- **WHAT TO WORK ON**:
Retype the entries exactly; omit all pictures.

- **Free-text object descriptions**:

....................

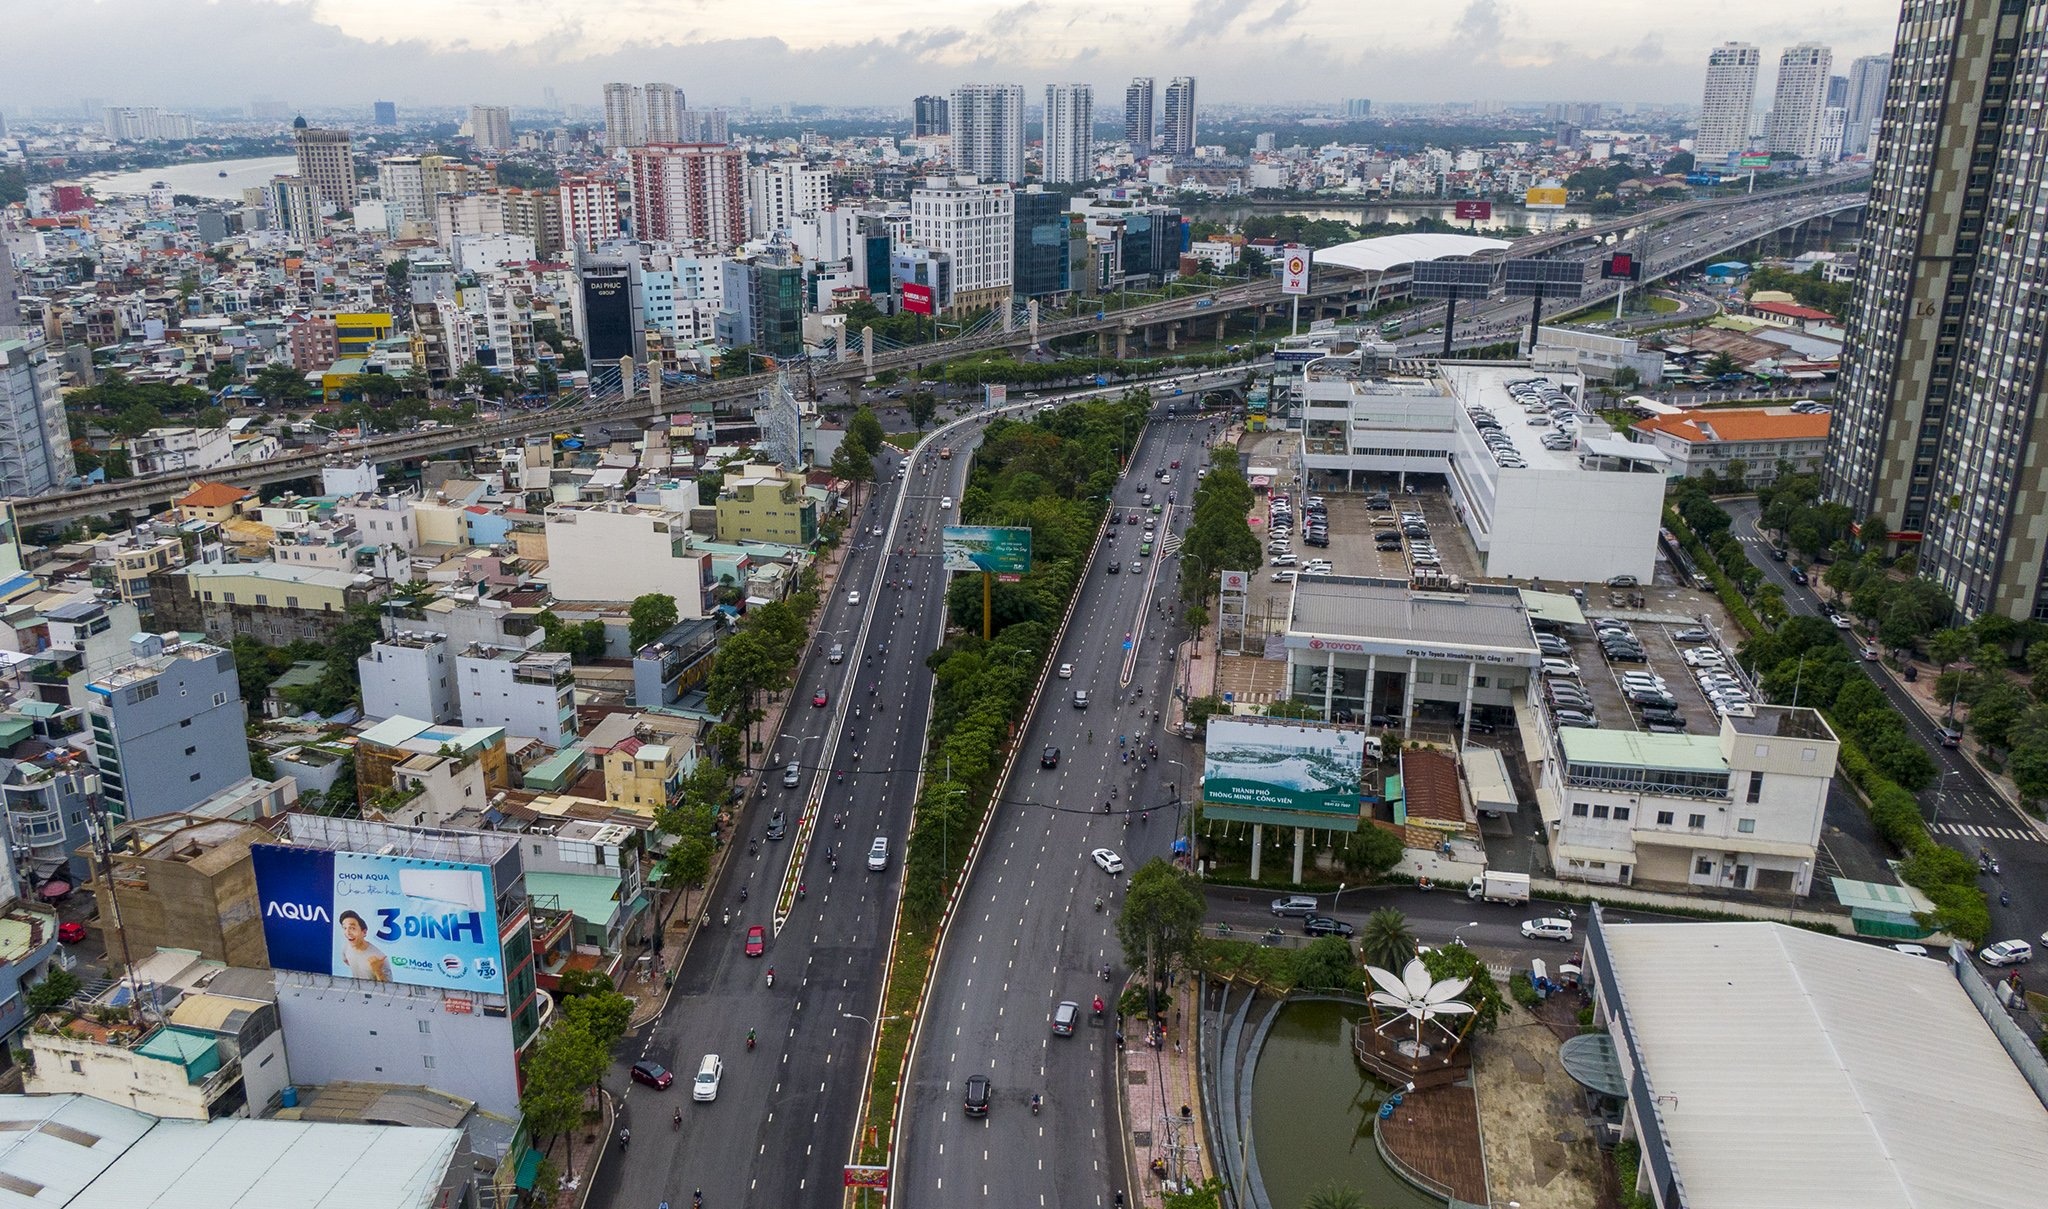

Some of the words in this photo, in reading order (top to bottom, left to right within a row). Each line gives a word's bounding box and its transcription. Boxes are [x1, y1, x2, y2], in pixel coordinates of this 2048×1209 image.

[1916, 302, 1936, 316] L6
[1325, 642, 1364, 651] TOYOTA
[267, 901, 330, 922] AQUA
[376, 908, 402, 942] 3
[392, 956, 408, 966] ECO
[409, 959, 432, 968] Mode
[478, 968, 496, 976] 730

....................

- **SOLUTION TO THIS TASK**:
Some of the words in this photo, in reading order (top to bottom, left to right within a row). Each line gives a word's bounding box and its transcription. Boxes are [x1, y1, x2, y2], in pixel coordinates of this 2048×1209 image.

[1916, 302, 1936, 316] L6
[1325, 642, 1364, 651] TOYOTA
[267, 901, 330, 922] AQUA
[376, 908, 402, 942] 3
[392, 956, 408, 966] ECO
[409, 959, 432, 968] Mode
[478, 968, 496, 976] 730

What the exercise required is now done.